Dates de création des lycées du Consulat et l’Empire
16 octobre 1802 | Bordeaux, Moulins |
10 décembre 1802 | Besançon, Bruxelles, Douai, Grenoble, Lyon, Marseille, Mayence, Rennes, Strasbourg, Turin |
6 mai 1803 | Amiens, Nancy, Rouen |
21 juillet 1803 | Angers, Bourges, Caen, Cahors, Dijon, Liège, Limoges, Metz, Montpellier, Nîmes, Orléans, Lycée (impérial) de Paris [Louis-le-Grand], Pau, Poitiers, Reims, Toulouse |
10 septembre 1803 | Lycée Napoléon de Paris [Henri IV] |
27 septembre 1803 | Lycée Bonaparte de Paris [Condorcet], Lycée Charlemagne de Paris |
8 octobre 1803 | Avignon, Bonn, Bruges, Clermont-Ferrand, Gand, Nantes, Rodez |
6 mai 1804 | Alexandrie [transféré ensuite à Casal puis Gênes], Nice, Pontivy, Versailles |
La discipline des lycées est stricte : les élèves portent un costume (habit veste et culotte bleue, collet et parement bleu céleste, chapeau rond jusqu’à quatorze ans, chapeau français au-delà, boutons jaunes avec le mot lycée gravé (arrêté du 5 brumaire an XI, 27 octobre 1802) ; ils sont répartis en compagnies (avec un sergent et quatre caporaux) commandées par le meilleur élève qui a le grade de « sergent-major » et pratiquent des exercices militaires. A partir de 1803, chaque établissement est doté d’un aumônier et l’instruction religieuse est inscrite au programme.

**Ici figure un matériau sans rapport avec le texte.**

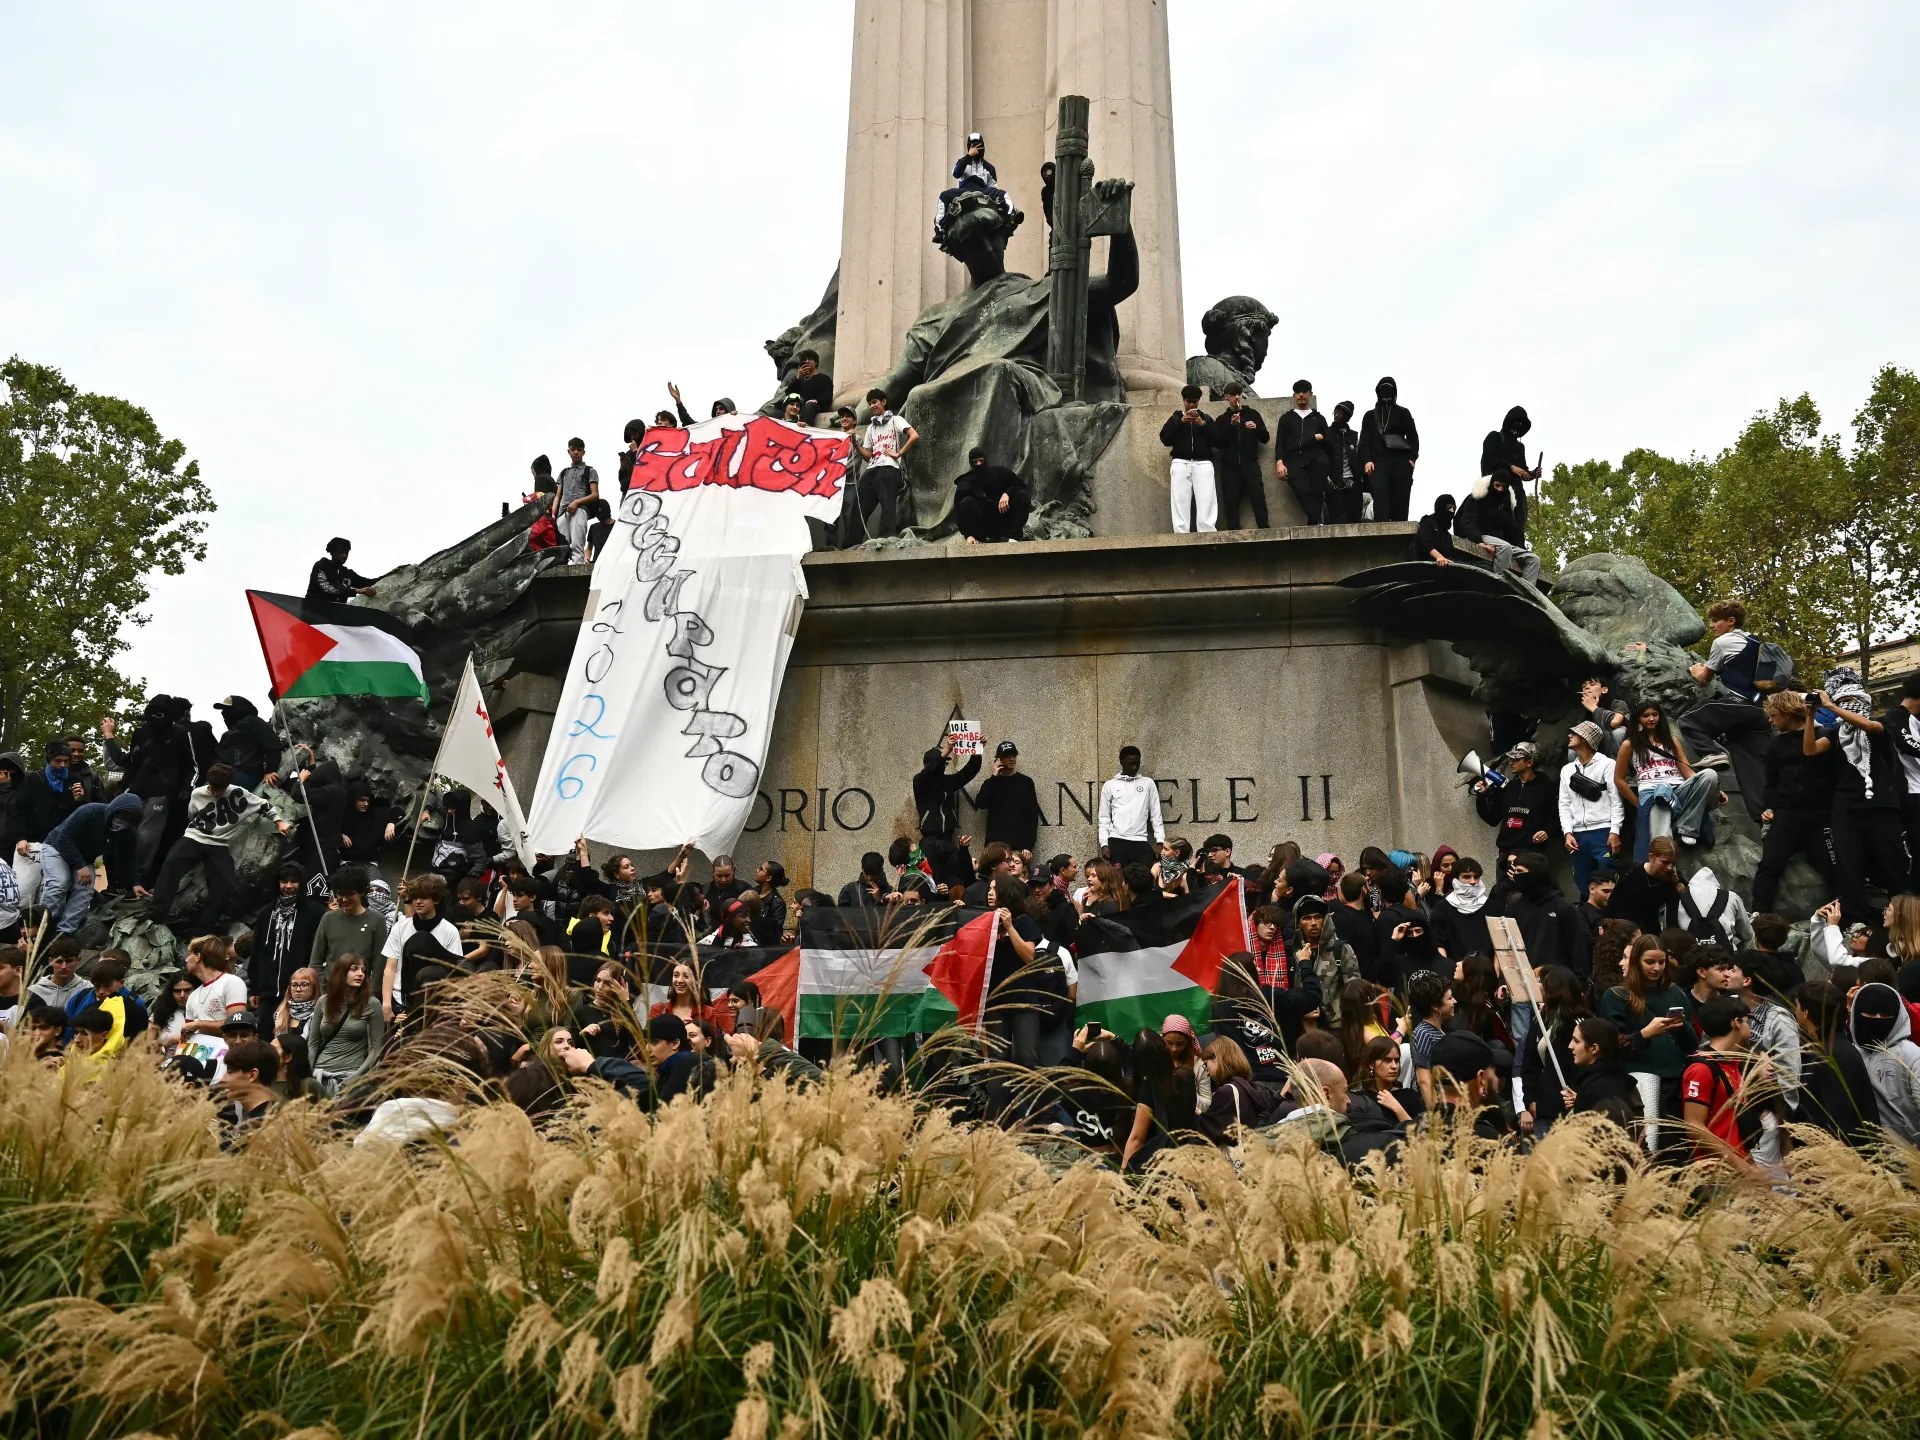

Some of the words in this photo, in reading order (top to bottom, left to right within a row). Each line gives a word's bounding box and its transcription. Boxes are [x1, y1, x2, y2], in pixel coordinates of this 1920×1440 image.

Les lycées sont ouverts à des boursiers appelés « élèves nationaux », aux élèves des écoles secondaires ou des collèges qui y sont admis par concours, à des élèves que les parents ont les moyens d’y mettre en pension.
Avec la création de l’Université impériale et un décret du 4 juin 1809, l’organisation interne des lycées est retouchée. Le bureau d’administration prend le nom de conseil académique. Tous ses membres sont nommés par le recteur. Il est présidé par un inspecteur d’académie.
Un décret du 15 novembre 1811 porte à cent le nombre de lycées à ouvrir sur le territoire de l’Empire.
École normale
L’École Normale [supérieure] a été fondée le 9 brumaire an III (30 novembre 1794) par la Convention qui voulait que fût établi à Paris un établissement « où seraient appelés, de toutes les parties de la République, des citoyens déjà instruits dans les sciences utiles, pour apprendre, sous les professeurs les plus habiles dans tous les genres, l’art d’enseigner ». Elle est refondée par le décret du 17 mars 1808 pour y former trois cents jeunes gens « à l’art d’enseigner les lettres et les sciences ». Elle ouvre ses portes pour accueillir la première promotion en 1810 : cinquante élèves, dont quarante-trois littéraires.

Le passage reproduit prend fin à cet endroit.